Note that the second set temperature determination process is different from the first set temperature performed in step S16 shown in FIG. This process is similar to the determination process.

When the set temperature (optimal temperature) of the air conditioner 20 is determined in step S22, the processes of steps S23 to S25 corresponding to the processes of steps S17 to S19 shown in FIG. 15 are executed. Specifically, the processing of steps S23 to S25 is the same as the processing of steps S17 to S19 except that the optimum temperature −Td in steps S17 to S19 shown in FIG. 15 is set as the optimum temperature.

According to the search non-execution period process described above, the current set temperature of the air conditioner 20 can be changed to the set temperature within the allowable range indicated by the allowable range information (that is, the optimum temperature).

Here, in the present embodiment, the process of calculating the allowable range (the process of steps S11 to S14 shown in FIG. 15) is executed in the search execution period process, and the process of calculating the allowable range in the search non-execution period process. is not executed, the processing for calculating the allowable range may be executed in both the search execution period process and the search non-execution period process, or may be executed only in the search non-execution period process. do not have. As described above, when the allowable range calculation time information includes a condition related to the timing of calculating the allowable range, the process of calculating the allowable range may be executed at the timing according to the condition.

Further, in the present embodiment, the process of correcting the set temperature of the air conditioner 20 in both the search execution period process and the search non-execution period process (steps S17 and S18 shown in FIG. 15, steps S23 and S24 shown in FIG. 27). is executed, but the process for correcting the set temperature (hereinafter simply referred to as correction process) may be executed during at least one of the search execution period process and the search non-execution period process, or may be executed during the search execution period process and It may be configured such that it is not executed in both of the search non-execution period processes. If the correction process is not executed, the current set temperature of the air conditioner 20 may be changed to the set temperature determined by the determination unit 406 .

Whether or not to execute the correction process in the search execution period process and the search non-execution period process can be set, for example, in information shown in FIG. 28 (hereinafter referred to as correction process setting information). This correction processing setting information may be stored in the setting information storage unit 401 as setting information, for example.

As shown in FIG. 28, in the correction process setting information, whether or not to execute the correction process (whether or not correction is performed) is set for each search execution period (process) and search non-execution period (process). When execution of correction processing is set, the type of correction is further set.

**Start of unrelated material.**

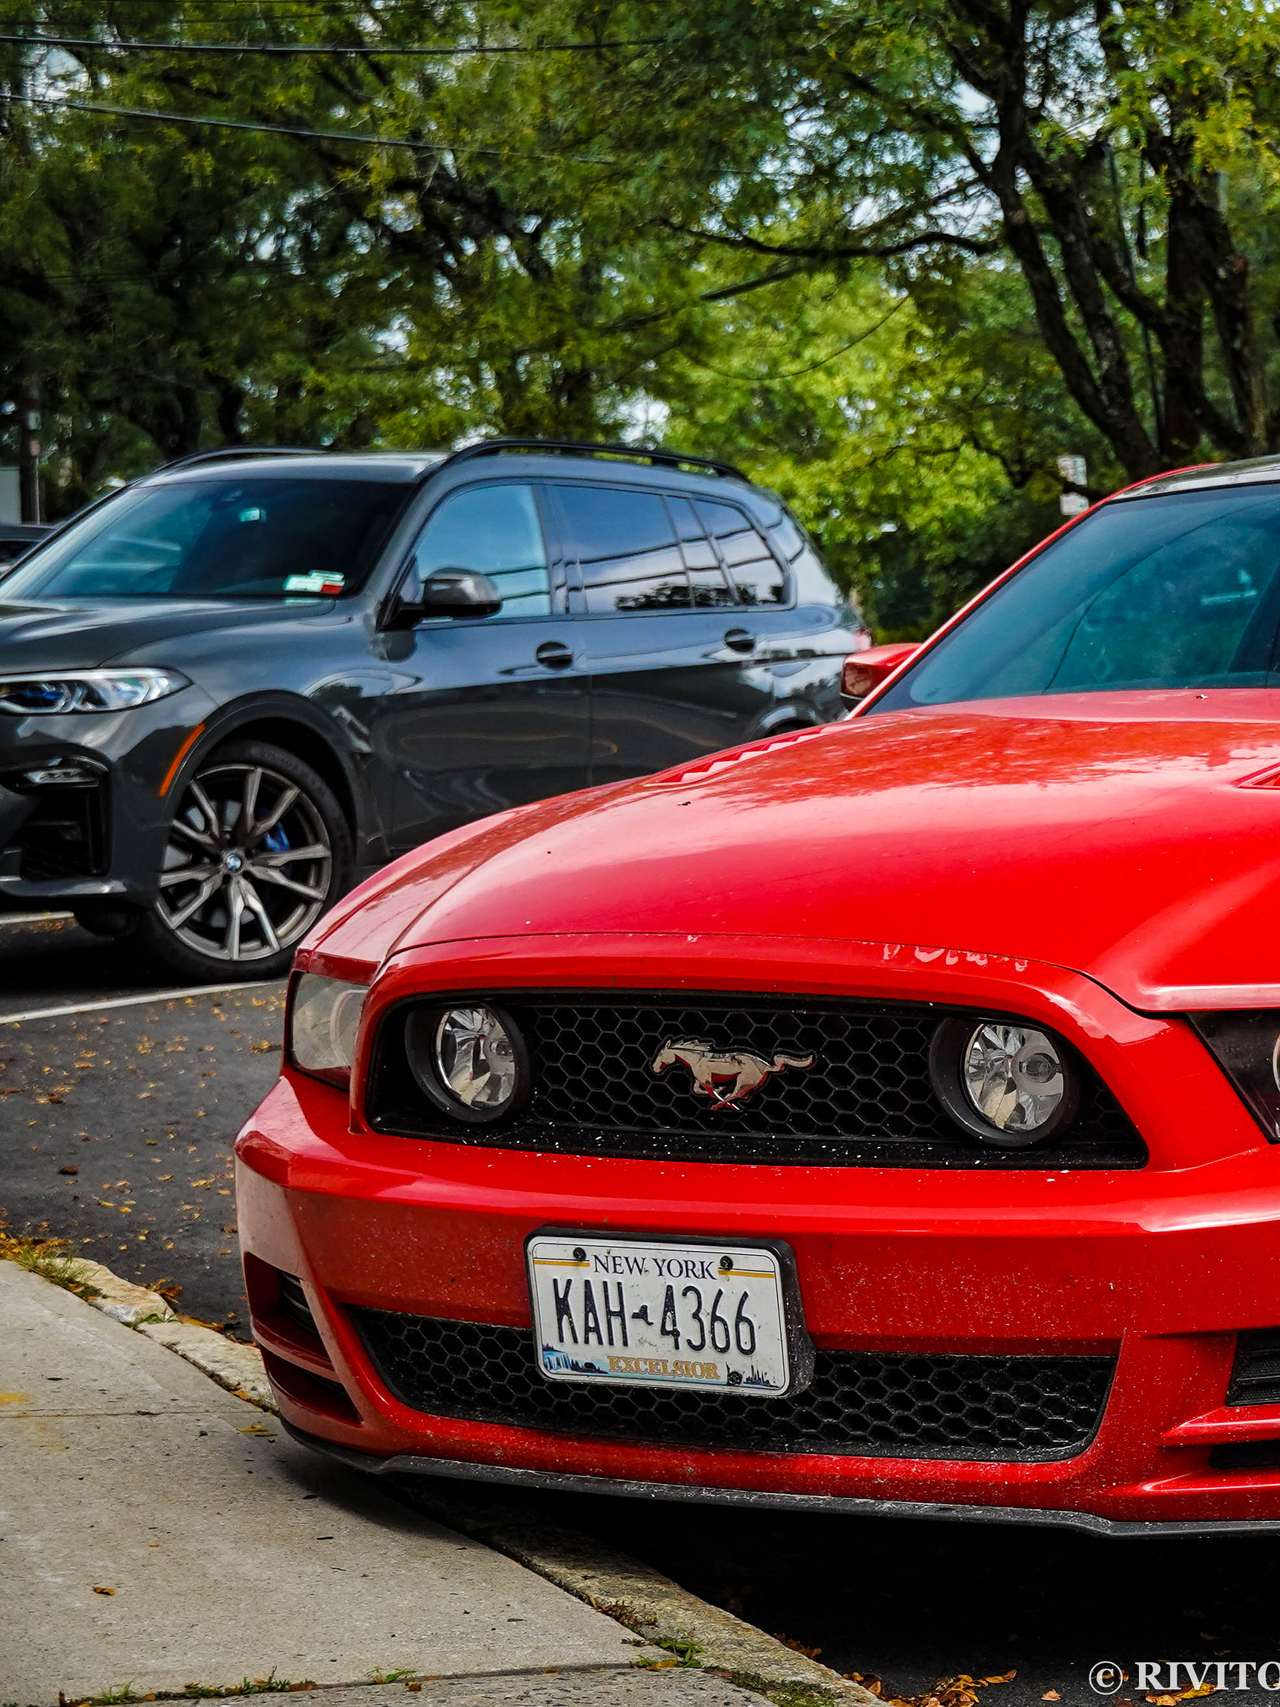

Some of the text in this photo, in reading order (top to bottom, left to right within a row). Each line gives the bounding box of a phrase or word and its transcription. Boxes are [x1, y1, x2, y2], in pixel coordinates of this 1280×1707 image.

The types of correction include "0" and "1". The correction type "0" indicates that the set temperature is corrected using the first evaluation result. Correction type "1" indicates that the set temperature is corrected using the second evaluation result. Although not shown in FIG. 28, the types of correction include, for example, "2" indicating that one of the first and second evaluation results is selected to correct the set temperature, and the first and second evaluation results. "3" or the like may be included to indicate that the set temperature is corrected using both of the two evaluation results.

In addition, the correction processing setting information includes a usage flag associated with each combination of the presence or absence of correction and the type of correction set for each of the search execution period and the search non-execution period, and the utilization flag is changed. By doing so, it is possible to change whether or not the correction is executed during the search execution period and the search non-execution period, or to change the type of correction. Note that the use flag "1" indicates that the setting (presence or absence of correction and type of correction) corresponding to the use flag is valid. On the other hand, the use flag "0" indicates that the setting (presence or absence of correction and type of correction) corresponding to the use flag is not valid (invalid).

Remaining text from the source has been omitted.